Préparer nos étudiants à s’insérer dans la société : est-ce possible dans nos auditoires ?

3 avril 2012

“L’université nous lâche dans la nature … elle ne nous prépare pas suffisamment à trouver un emploi”.Cette affirmation, nous l’entendons souvent dans la bouche des étudiants qui terminent leurs études.

“Nous devons transmettre un solide corpus de connaissances et développer chez nos étudiants la démarche scientifique”.Voilà ce qu’affirment nombre de nos enseignants.

Des activateurs pour stimuler la maturation personnelle et professionnelle des étudiants au cœur même de la formation

Grâce au soutien du Fonds de Développement Pédagogique de l’UCL, un projet a permis de mettre en lumière les dynamiques pédagogiques qui, dans les programmes de master, donnent aux étudiants l’occasion de se préparer à leur insertion dans la société. Des témoignages ont été recueillis auprès d’une trentaine d’enseignants qui ont permis d’enrichir et de valider ces dynamiques pédagogiques.

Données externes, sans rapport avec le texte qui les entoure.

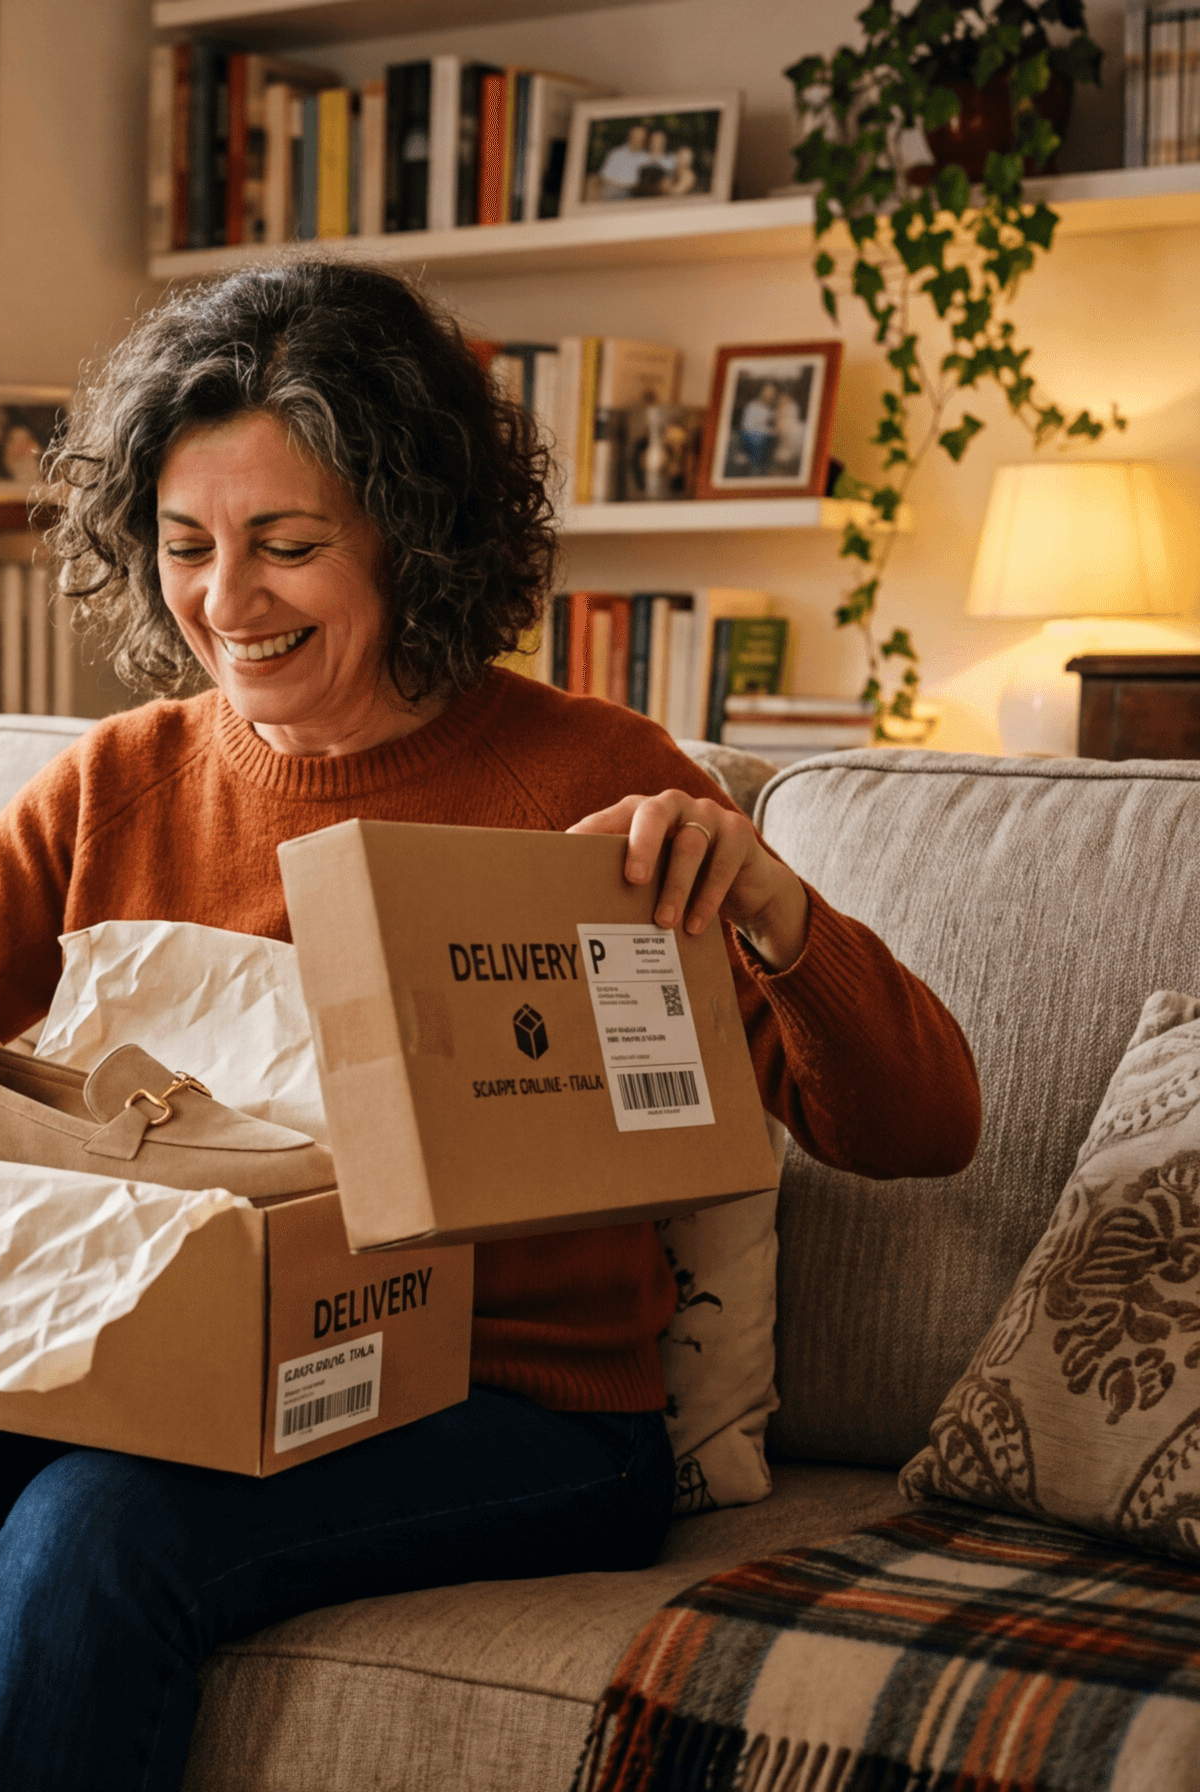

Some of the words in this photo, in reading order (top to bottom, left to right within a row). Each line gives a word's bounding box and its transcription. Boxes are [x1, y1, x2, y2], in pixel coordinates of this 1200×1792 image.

Revivez ici les exposés de la matinée de formation du 26/04/2012

Les activateurs en quelques mots !

Proposer des moments de réflexivité

c’est donner l’occasion à l’étudiant de prendre du recul par rapport à ses pratiques, ses représentations, ses façons d’agir et d’apprendre en introduisant dans les dispositifs pédagogiques des instruments tels que le portfolio, le jeu de rôle, l’autoévaluation, l’évaluation par les pairs. Donner l’occasion aux étudiants de réfléchir et de mûrir leur projet socio-professionnel

Exploiter la mixité du public (disciplinaire, culturelle ou professionnelle)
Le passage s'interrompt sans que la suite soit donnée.